● **PROVIDED MATERIAL**:
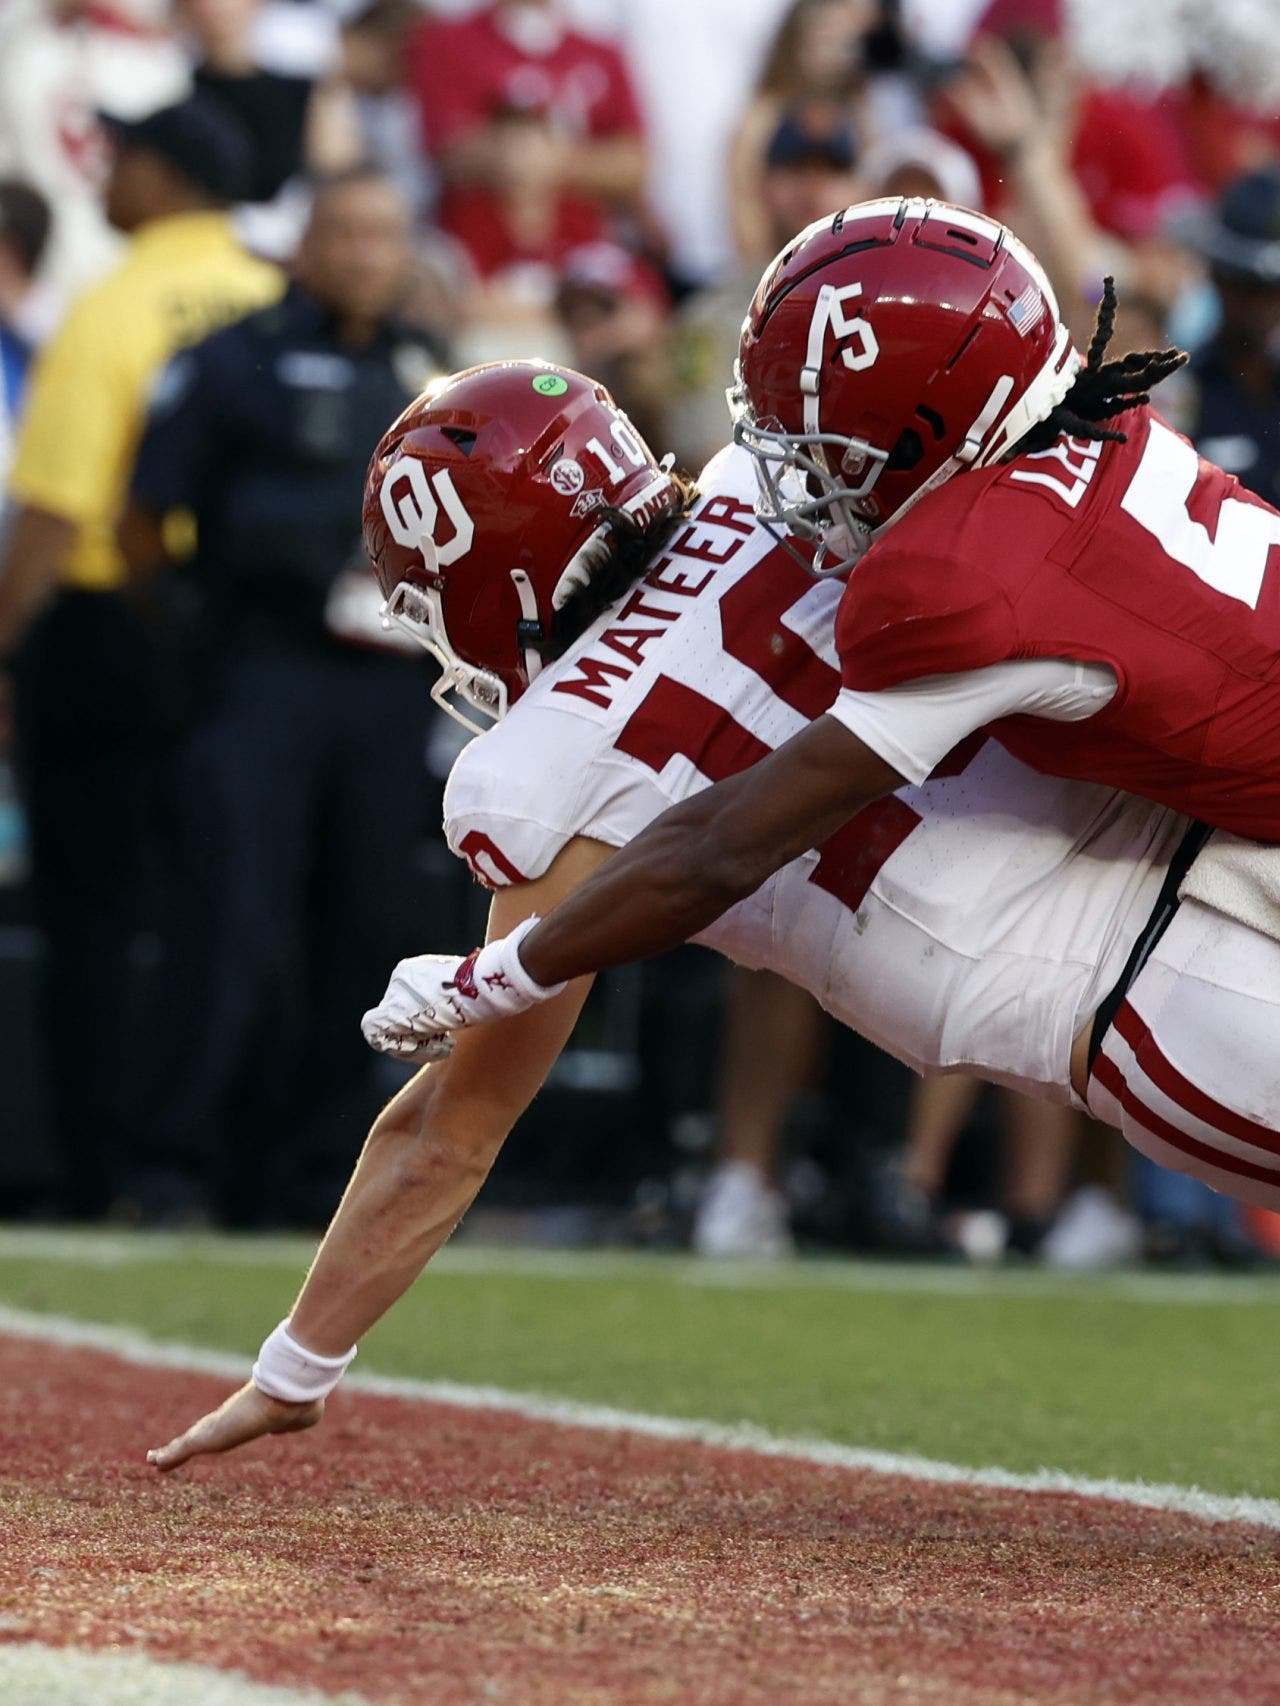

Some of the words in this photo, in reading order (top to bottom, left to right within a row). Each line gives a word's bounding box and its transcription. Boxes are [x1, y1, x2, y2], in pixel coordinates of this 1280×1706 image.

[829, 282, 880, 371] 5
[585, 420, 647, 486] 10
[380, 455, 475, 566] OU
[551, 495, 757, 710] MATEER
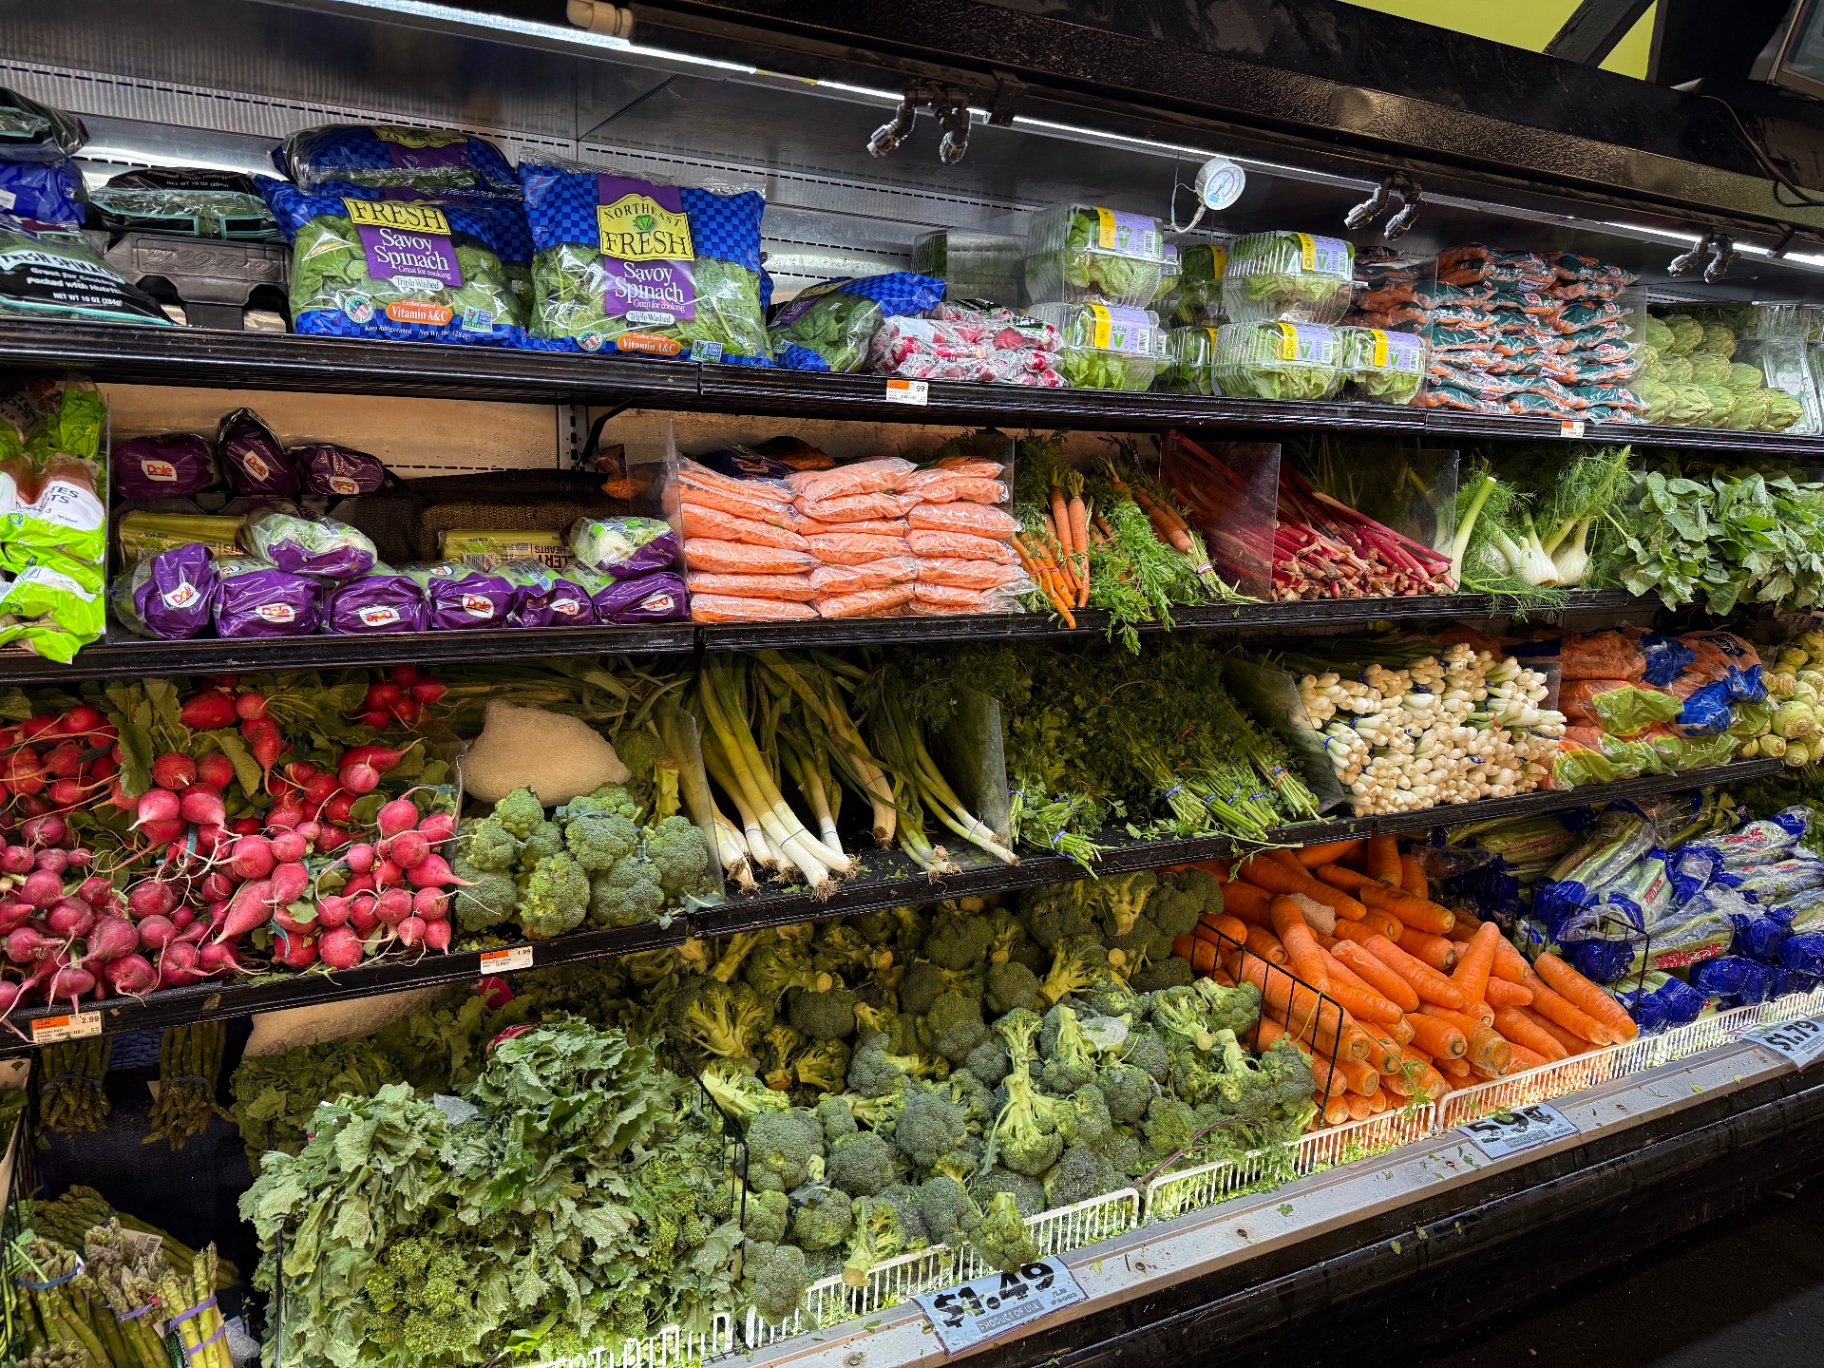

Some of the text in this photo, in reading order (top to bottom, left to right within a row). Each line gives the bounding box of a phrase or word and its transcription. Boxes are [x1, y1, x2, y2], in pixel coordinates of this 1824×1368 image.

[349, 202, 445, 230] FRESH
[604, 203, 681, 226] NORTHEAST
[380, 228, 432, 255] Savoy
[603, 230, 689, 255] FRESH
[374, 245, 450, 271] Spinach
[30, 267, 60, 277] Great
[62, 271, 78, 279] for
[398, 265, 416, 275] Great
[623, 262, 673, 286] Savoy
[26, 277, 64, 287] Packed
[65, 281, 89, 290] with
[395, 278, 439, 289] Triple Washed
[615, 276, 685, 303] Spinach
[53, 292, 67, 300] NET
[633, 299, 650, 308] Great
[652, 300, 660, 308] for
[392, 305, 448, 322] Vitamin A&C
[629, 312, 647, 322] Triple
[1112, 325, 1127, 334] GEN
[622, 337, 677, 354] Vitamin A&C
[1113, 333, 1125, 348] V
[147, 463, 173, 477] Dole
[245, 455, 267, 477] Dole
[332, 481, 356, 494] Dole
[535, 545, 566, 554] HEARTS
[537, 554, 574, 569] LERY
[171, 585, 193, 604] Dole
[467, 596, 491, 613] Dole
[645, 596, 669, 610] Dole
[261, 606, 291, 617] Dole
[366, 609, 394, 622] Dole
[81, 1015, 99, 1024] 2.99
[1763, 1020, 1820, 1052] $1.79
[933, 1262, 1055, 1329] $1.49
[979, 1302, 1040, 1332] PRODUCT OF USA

● **EXERCISE AIM**: Before printing anything, remove the pictures; then print all the records exactly.

● **YOUR RESPONSE**:
Some of the words in this photo, in reading order (top to bottom, left to right within a row). Each line gives a word's bounding box and its transcription. Boxes are [x1, y1, x2, y2], in pixel coordinates of this 1280×1706 image.

[829, 282, 880, 371] 5
[585, 420, 647, 486] 10
[380, 455, 475, 566] OU
[551, 495, 757, 710] MATEER

Some of the text in this photo, in reading order (top to bottom, left to right within a row). Each line gives the bounding box of a phrase or word and its transcription. Boxes are [x1, y1, x2, y2], in pixel coordinates of this 1824×1368 image.

[349, 202, 445, 230] FRESH
[604, 203, 681, 226] NORTHEAST
[380, 228, 432, 255] Savoy
[603, 230, 689, 255] FRESH
[374, 245, 450, 271] Spinach
[30, 267, 60, 277] Great
[62, 271, 78, 279] for
[398, 265, 416, 275] Great
[623, 262, 673, 286] Savoy
[26, 277, 64, 287] Packed
[65, 281, 89, 290] with
[395, 278, 439, 289] Triple Washed
[615, 276, 685, 303] Spinach
[53, 292, 67, 300] NET
[633, 299, 650, 308] Great
[652, 300, 660, 308] for
[392, 305, 448, 322] Vitamin A&C
[629, 312, 647, 322] Triple
[1112, 325, 1127, 334] GEN
[622, 337, 677, 354] Vitamin A&C
[1113, 333, 1125, 348] V
[147, 463, 173, 477] Dole
[245, 455, 267, 477] Dole
[332, 481, 356, 494] Dole
[535, 545, 566, 554] HEARTS
[537, 554, 574, 569] LERY
[171, 585, 193, 604] Dole
[467, 596, 491, 613] Dole
[645, 596, 669, 610] Dole
[261, 606, 291, 617] Dole
[366, 609, 394, 622] Dole
[81, 1015, 99, 1024] 2.99
[1763, 1020, 1820, 1052] $1.79
[933, 1262, 1055, 1329] $1.49
[979, 1302, 1040, 1332] PRODUCT OF USA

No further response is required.